So besides all the crap that's been happening these last couple of days...I have more things going on today to make my head spin. One minute I'm super sad, the next I'm ok, not happy, but laughing and whatnot. Why? Well I wont get into the stuff from these last couple of days, I'll just stick with today.
1. Today is my nephew's first birthday. YAY! He's so cute, I can't believe he's already one. My brother made him a cake, and OMG it was freaking YUMMY.
2. It's Jeff's birthday as well. 22, you go Jeffers. He came over last night and we were watching some anime, and then me, him and Virginia started watching porn. It was fun. I should call him though, since he has no plans...I kinda wanna see more of that anime :P
3. Virginia left this morning (back to New Jersey). *Sighs* I'm not going to see her again for a while. She's moving to Colorado in October and wont be back for 10 months. That hurts my heart, she's my best friend, my sister. What am I going to do without her? This is going to be so hard not having her around.

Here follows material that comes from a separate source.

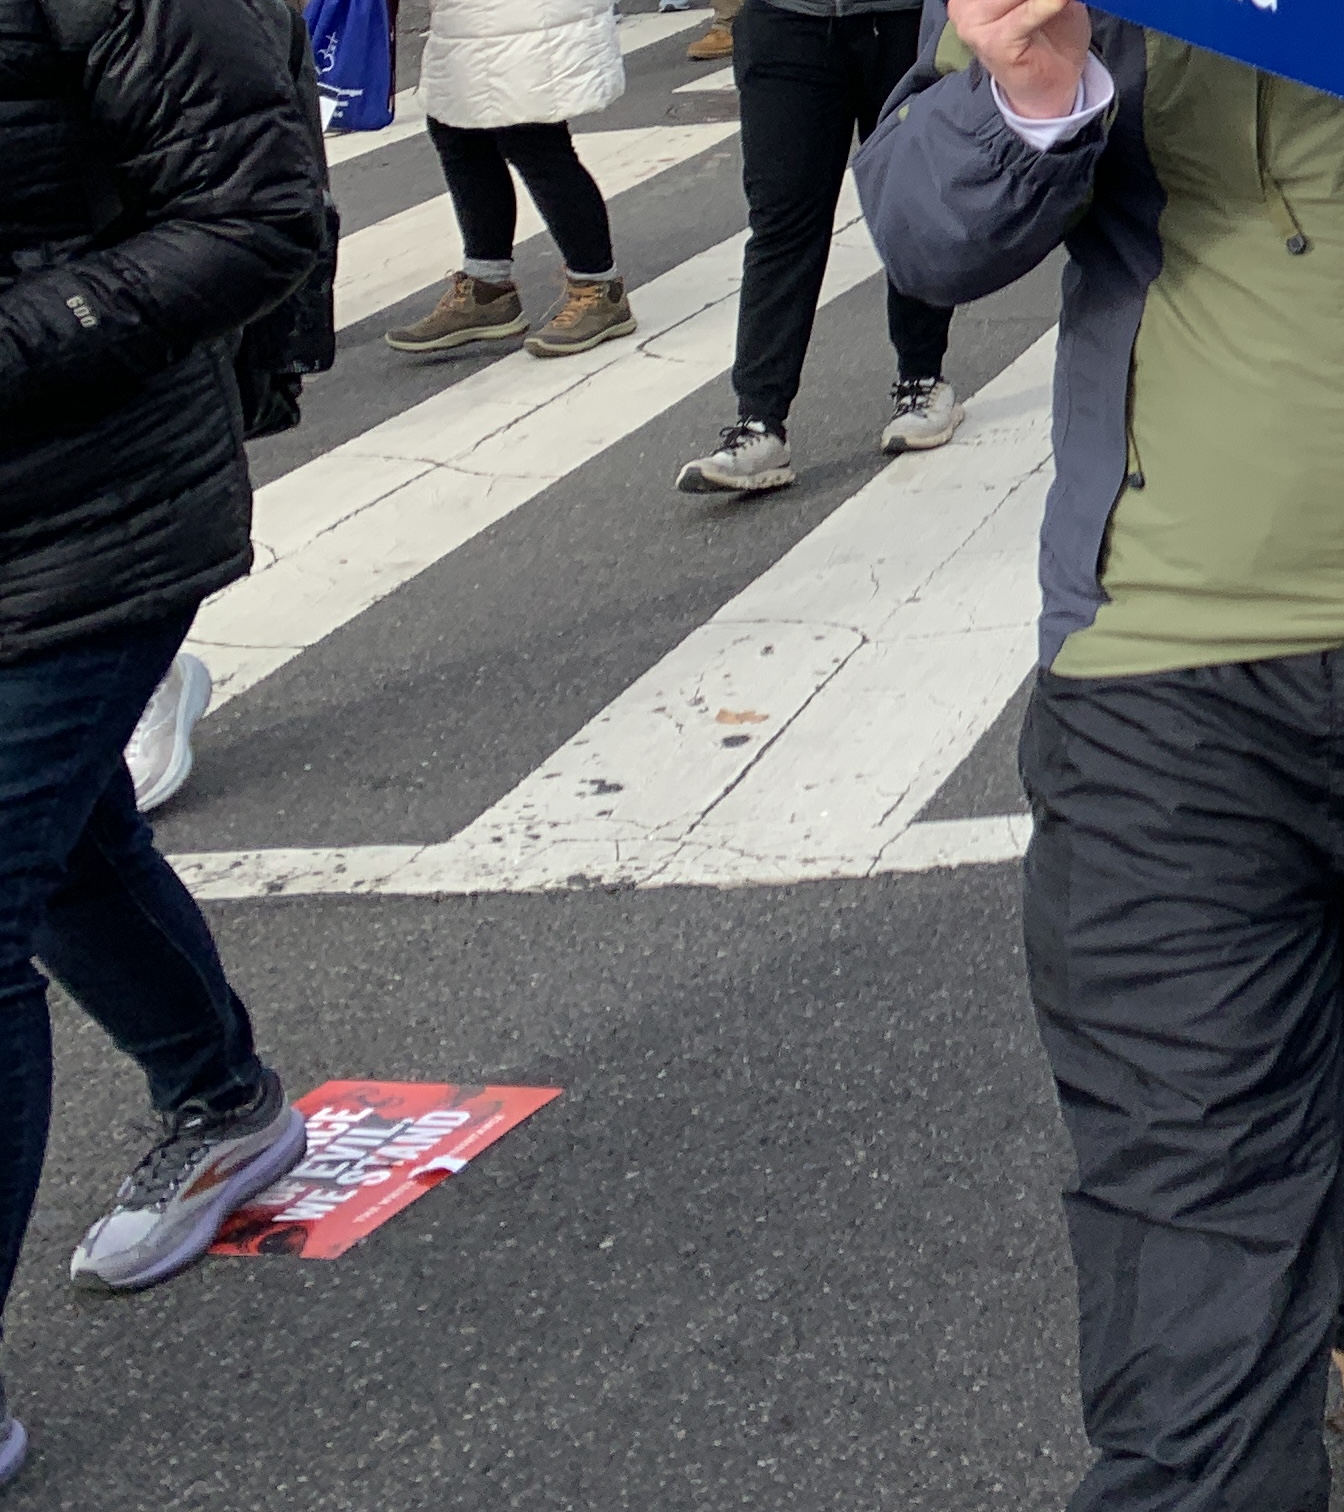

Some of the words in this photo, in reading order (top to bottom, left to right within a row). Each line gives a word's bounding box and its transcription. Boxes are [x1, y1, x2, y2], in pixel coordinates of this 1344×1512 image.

[271, 1189, 357, 1223] WE
[336, 1110, 472, 1187] STAND
[292, 1118, 415, 1179] EVIL,

4. Last, but not least, today is the anniversary of my grandma's death. I can't believe it's been 4 years since Tata died. I remember when I found out: I was away at school, and it was Wednesday night. I was over at Cram & Jam doing a little homework and enjoying the live performance of Eric Himan, when my roomie (Jen) tells me I missed a call from my mom. So I borrow her cell and I call her back. I didn't believe her at first, how could I? This was Tata, I spoke to her a few weeks before and she was fine. I went back inside in a trance, and Eric Himan started to sing The Outskirts of You, and I broke. I broke so hard. I started to cry, and I couldn't stop. This was Tata, my Tata, the person who I loved the most in this world. She was such a huge influence in my life, I'm the person I am today, partly because of her. My love of old t.v. shows, my love for board games, and card games (she taught me to play Uno, Old Maid, Parcheesi), she taught me how to speak english. She was my roomate for a long time growing up. I never saw her being gone, I thought she'd be around for ever. (That sounds dumb, but it's true) It was a hard night for me, but everyone was really nice and supporting. Eric Himan came up to me after his set and asked if I was ok (he saw me crying earlier), he was really nice, he autographed a cd for me. Everytime I hear The Outskirts of You (which is a beautiful song) I think of Tata. At first I couldn't listen to it without crying, buy now I can, it makes me miss her so much, but it also helps me remember all the good memories. Which is why I'm listening to it now
Ok, enough of that, now we all know why I'm on this rollercoaster of emotional baggage.